**REQUIRED ACTION:** Return the data exactly, apart from leaving out the pictures.

(Items listed in a dataset)
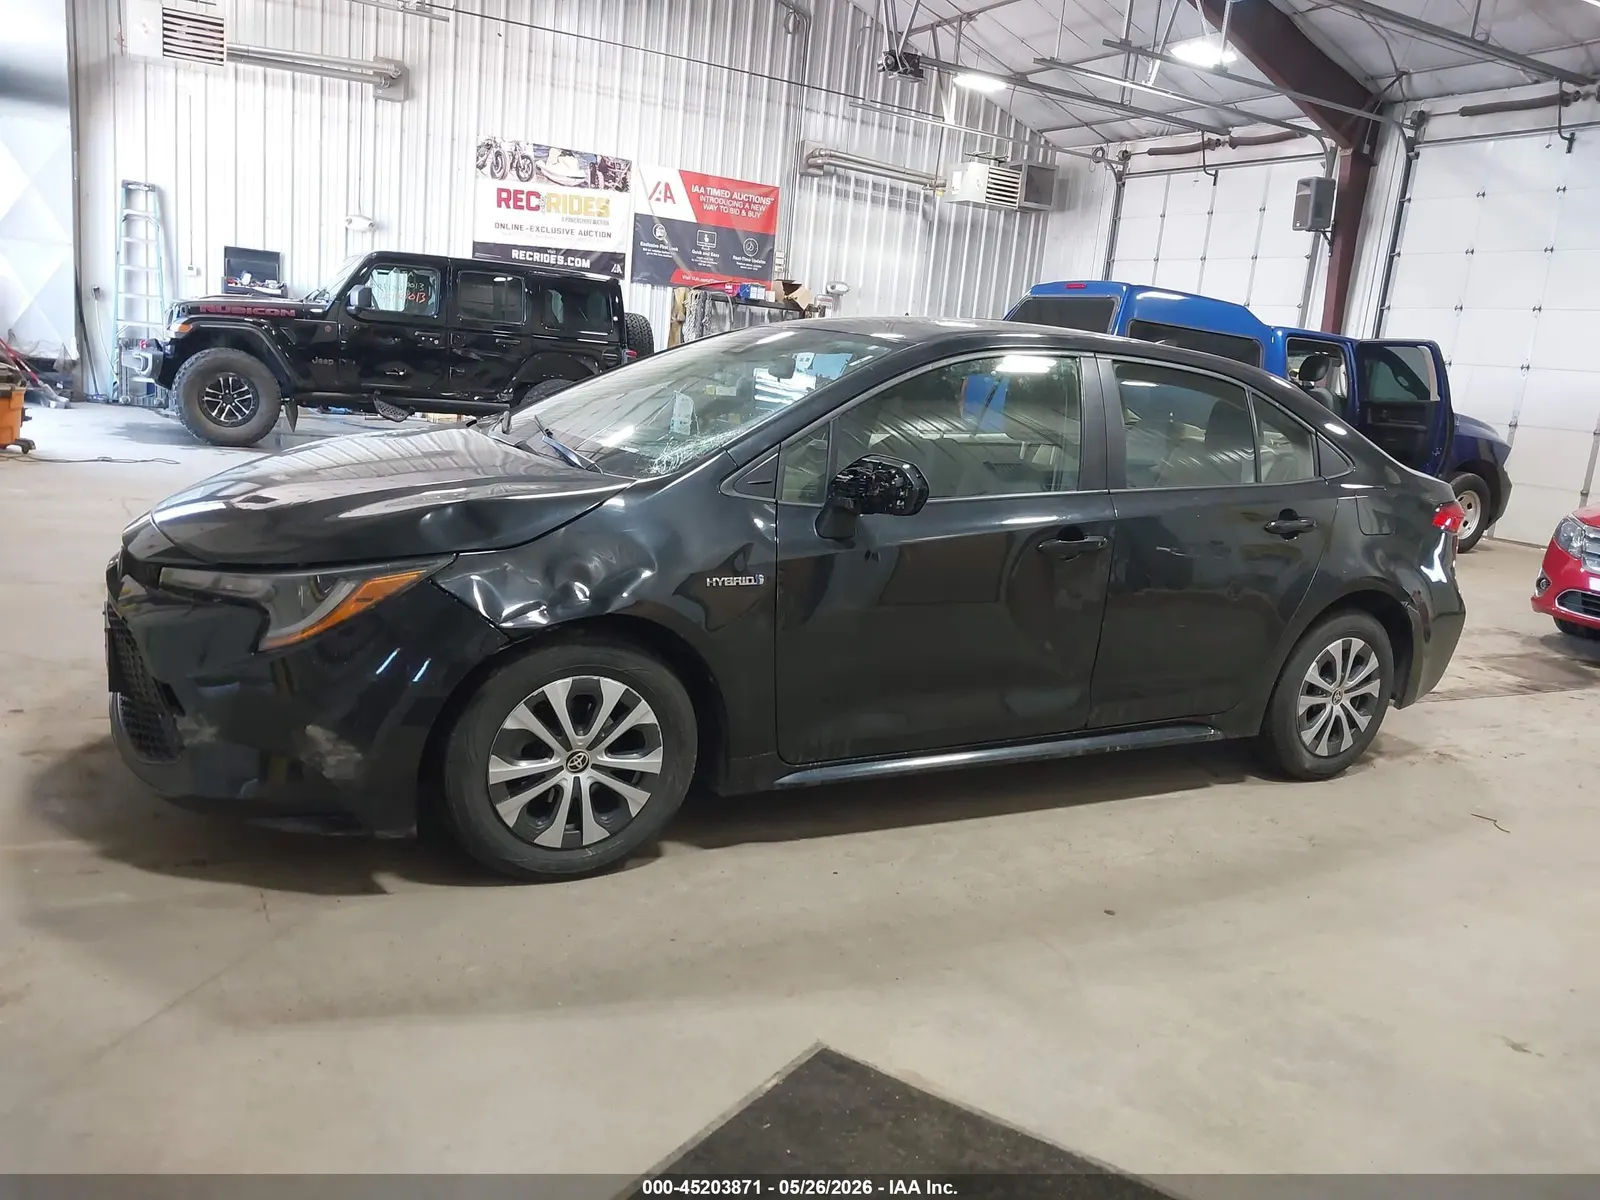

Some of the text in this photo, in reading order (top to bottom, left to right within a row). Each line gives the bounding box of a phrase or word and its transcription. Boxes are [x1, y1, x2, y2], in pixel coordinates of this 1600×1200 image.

[691, 184, 705, 194] IAA
[706, 186, 731, 198] TIMED
[496, 187, 610, 218] REC RIDES
[700, 195, 743, 208] INTRODUCING
[750, 203, 766, 212] NEW
[703, 203, 719, 212] WAY
[719, 205, 729, 213] TO
[729, 207, 740, 216] BID
[747, 210, 761, 219] BUY
[494, 221, 575, 236] ONLINE-EXCLUSIVE
[578, 229, 612, 239] AUCTION
[511, 249, 591, 269] RECRIDES.COM
[199, 304, 296, 317] RUBICON
[706, 576, 756, 587] HYBRID

**EXPECTED ANSWER:**
Some of the text in this photo, in reading order (top to bottom, left to right within a row). Each line gives the bounding box of a phrase or word and its transcription. Boxes are [x1, y1, x2, y2], in pixel coordinates of this 1600×1200 image.

[691, 184, 705, 194] IAA
[706, 186, 731, 198] TIMED
[496, 187, 610, 218] REC RIDES
[700, 195, 743, 208] INTRODUCING
[750, 203, 766, 212] NEW
[703, 203, 719, 212] WAY
[719, 205, 729, 213] TO
[729, 207, 740, 216] BID
[747, 210, 761, 219] BUY
[494, 221, 575, 236] ONLINE-EXCLUSIVE
[578, 229, 612, 239] AUCTION
[511, 249, 591, 269] RECRIDES.COM
[199, 304, 296, 317] RUBICON
[706, 576, 756, 587] HYBRID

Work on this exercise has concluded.